I know that I told you privately that I was going to 'bow out' on this but with a little lateral thinking I've come up with a revised code:

Code:
Sub strp2()
Dim lastrow As Long, X As Variant, i As Long, j As Integer, r As Range, iRow As Long
Dim A As Integer, t As Date, Replaced As Variant, Spaces As Variant
Dim Returns As Variant, nDelRow As Long
t = Now()
Replaced = 0
Spaces = 0
Returns = 0
lastrow = Cells(Rows.Count, 1).End(xlUp).Row
Application.ScreenUpdating = False
Application.Cursor = xlWait
Set r = Range(Cells(3, 1), Cells(lastrow, 1))
For i = 3 To lastrow
    Application.StatusBar = Format(100 * i / (lastrow - 2), "0") & "% done..."
    X = Cells(i, 1).Value
    For j = 1 To Len(X)
        A = Asc(Mid(X, j, 1))
        Select Case A
            Case Is < 32
                Cells(i, 1).Value = Application.Substitute(Cells(i, 1).Value, Chr(A), Chr(32))
                Replaced = Replaced + 1
                If A = 10 Or A = 13 Then Returns = Returns + 1
            Case 33 To 47
                Cells(i, 1).Value = Application.Substitute(Cells(i, 1).Value, Chr(A), Chr(32))
                Replaced = Replaced + 1
            Case 58 To 63
                Cells(i, 1).Value = Application.Substitute(Cells(i, 1).Value, Chr(A), Chr(32))
                Replaced = Replaced + 1
            Case 91 To 96
                Cells(i, 1).Value = Application.Substitute(Cells(i, 1).Value, Chr(A), Chr(32))
                Replaced = Replaced + 1
            Case Is > 122
                Cells(i, 1).Value = Application.Substitute(Cells(i, 1).Value, Chr(A), Chr(32))
                Replaced = Replaced + 1
        End Select
    Next j
    X = Cells(i, 1).Value
    Cells(i, 1).Value = Application.Trim(X)
    Spaces = Spaces + Len(X) - Len(Cells(i, 1).Value)
'special case tilde ~ as first character
If Left(Cells(i, 1).Value, 1) = "~" Then Cells(i, 1).Value = Right(Cells(i, 1).Value, Len(Cells(i, 1).Value) - 1)
Next i
r.Sort Key1:=Range("A3"), Order1:=xlAscending, Header:=xlGuess
For iRow = r.Rows.Count To 3 Step -1
    If r(iRow) = r(iRow - 1) Then
        r(iRow).EntireRow.Delete
        nDelRow = nDelRow + 1
    End If
Next iRow
lastrow = Cells(Rows.Count, 1).End(xlUp).Row
For i = 1 To lastrow
    Rows(i).EntireRow.AutoFit
Next i
Application.ScreenUpdating = True
Application.Cursor = xlNormal
Application.StatusBar = False
Spaces = Spaces - Replaced
Replaced = Replaced - Returns
MsgBox ("Number of phrases: " & vbTab & vbTab & lastrow - 2 _
& vbCrLf & "Deleted characters: " & vbTab & Replaced _
& vbCrLf & "Deleted carriage returns: " & vbTab & Returns _
& vbCrLf & "Deleted spaces: " & vbTab & vbTab & Spaces _
& vbCrLf & "Deleted rows: " & vbTab & vbTab & nDelRow _
& vbCrLf & "Time elapsed: " & vbTab & vbTab & Format(Now() - t, "hh:mm:ss"))
End Sub

I've found it to be a lot faster than my previous efforts, plus it gets rid of the ~ problem.

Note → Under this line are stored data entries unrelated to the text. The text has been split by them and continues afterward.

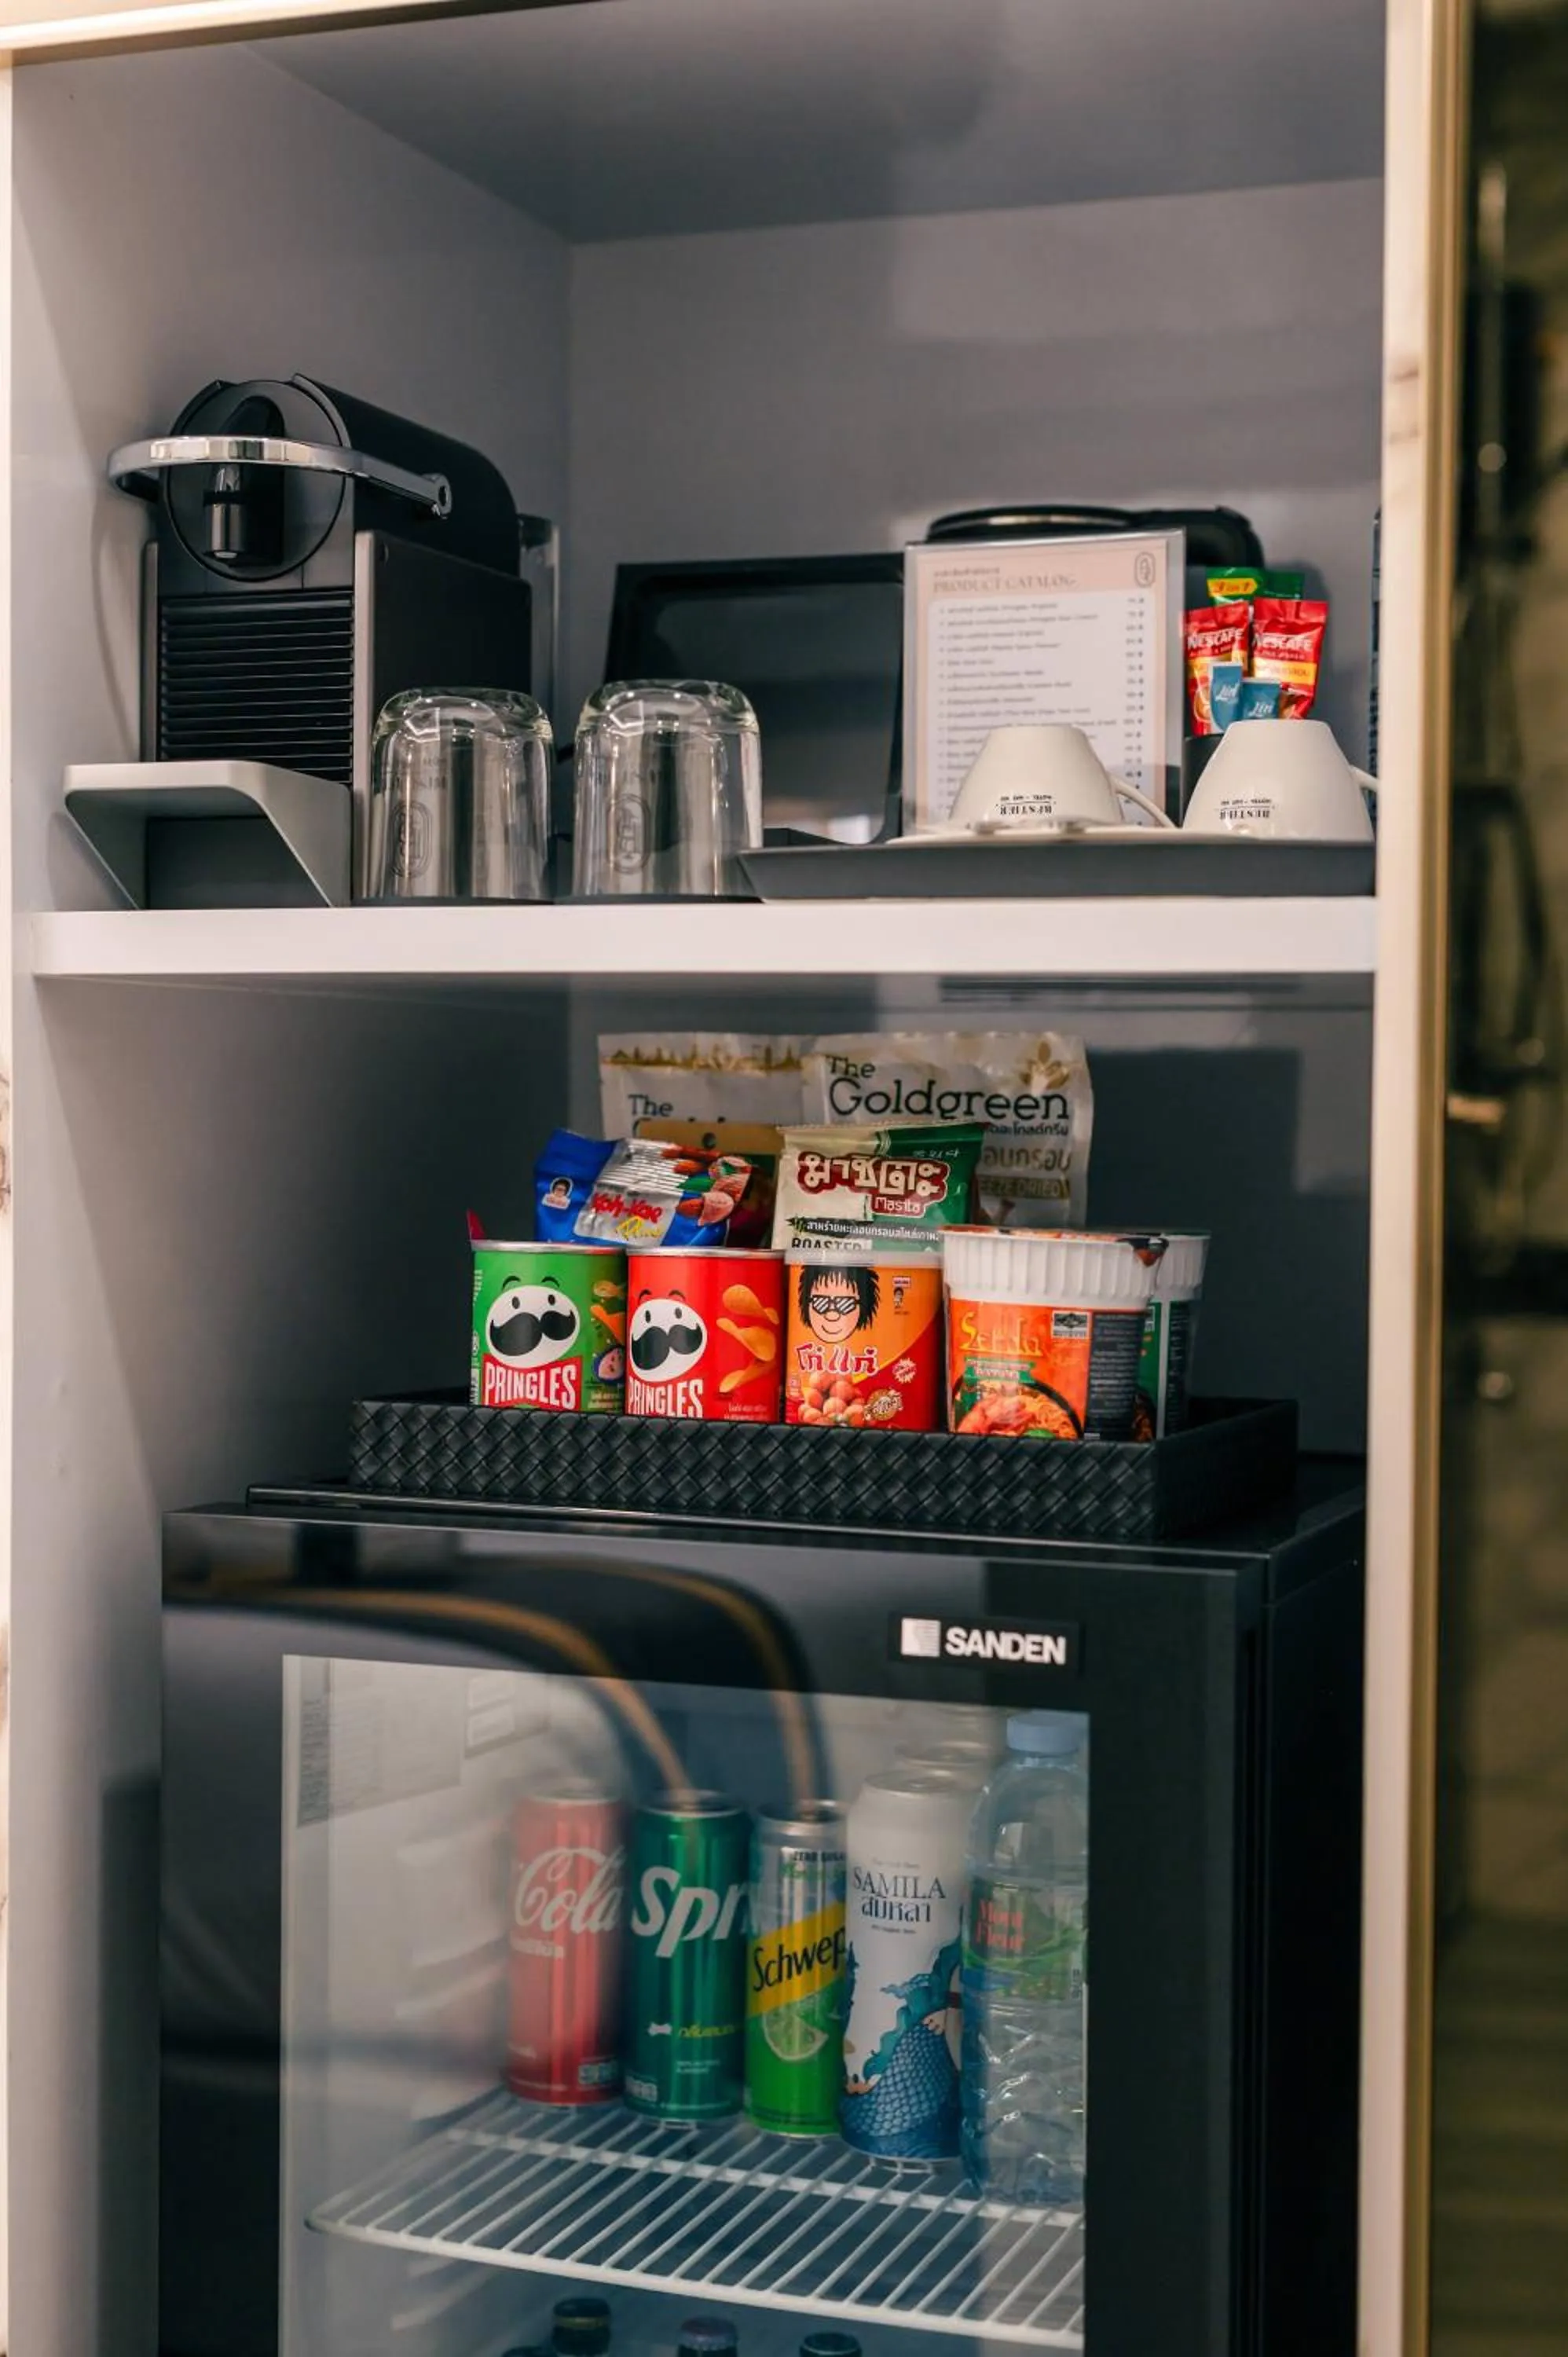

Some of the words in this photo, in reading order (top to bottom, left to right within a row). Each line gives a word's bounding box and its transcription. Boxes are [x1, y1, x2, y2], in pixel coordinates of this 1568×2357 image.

[826, 1055, 875, 1077] The
[628, 1094, 673, 1117] The
[830, 1077, 1069, 1120] Goldgreen
[874, 1196, 921, 1214] Masita
[484, 1361, 577, 1410] PRINGLES
[628, 1376, 704, 1419] PRINGLES
[945, 1626, 1067, 1665] SANDEN
[852, 1866, 947, 1899] SAMILA
[631, 1865, 748, 1958] Spr
[753, 1925, 846, 1992] Schwep

For anybody still following this, why is

Code:
                Cells(i, 1).Value = Application.Substitute(Cells(i, 1).Value, Chr(A), Chr(32))

faster than

Code:
                Cells(i, 1).Replace what:=Chr(A), replacement:=Chr(32)
:confused:

Please try it, John, and let us know how you get on. :)
 
Upvote 0
update to this macro conundrum :)

Thanks everyone for there help on this macro.

First off,
I had just finished this reply,,,,
I mean I was typing in the "return message box",
It was a large reply.
Took me almost an hour to write an in depth reply to cover everything,,, and guess what??

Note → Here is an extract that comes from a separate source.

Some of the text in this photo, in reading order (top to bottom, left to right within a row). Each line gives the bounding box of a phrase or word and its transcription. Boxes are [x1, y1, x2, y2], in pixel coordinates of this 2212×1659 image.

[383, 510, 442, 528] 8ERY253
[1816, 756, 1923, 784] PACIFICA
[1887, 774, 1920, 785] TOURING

Yes,, I've lost the bloody lot!:(
Can't believe it!
So,,, I'm typing this again,,, in TextPad first:)


I can't bring myself to do this in such depth again:)

A few points though..

sbendbuckeyes formula first,,
Written I believe in "Regular Expression".
Someone has written a reply to me as I asked about this and this is a short extract from it;
=========================================
"Regular expressions can do very complex string recognition, but processing time ranges from slow to hideously slow depending on the implementation. What you are doing doesn’t need them.
=========================================

Sbendbuckeyes formula returned the clean data perfectly. I mean the end result was so so clean.
I suppose the end result is the most important thing,, but there are a few issues compared to the other formulas by SHG, and VoGII.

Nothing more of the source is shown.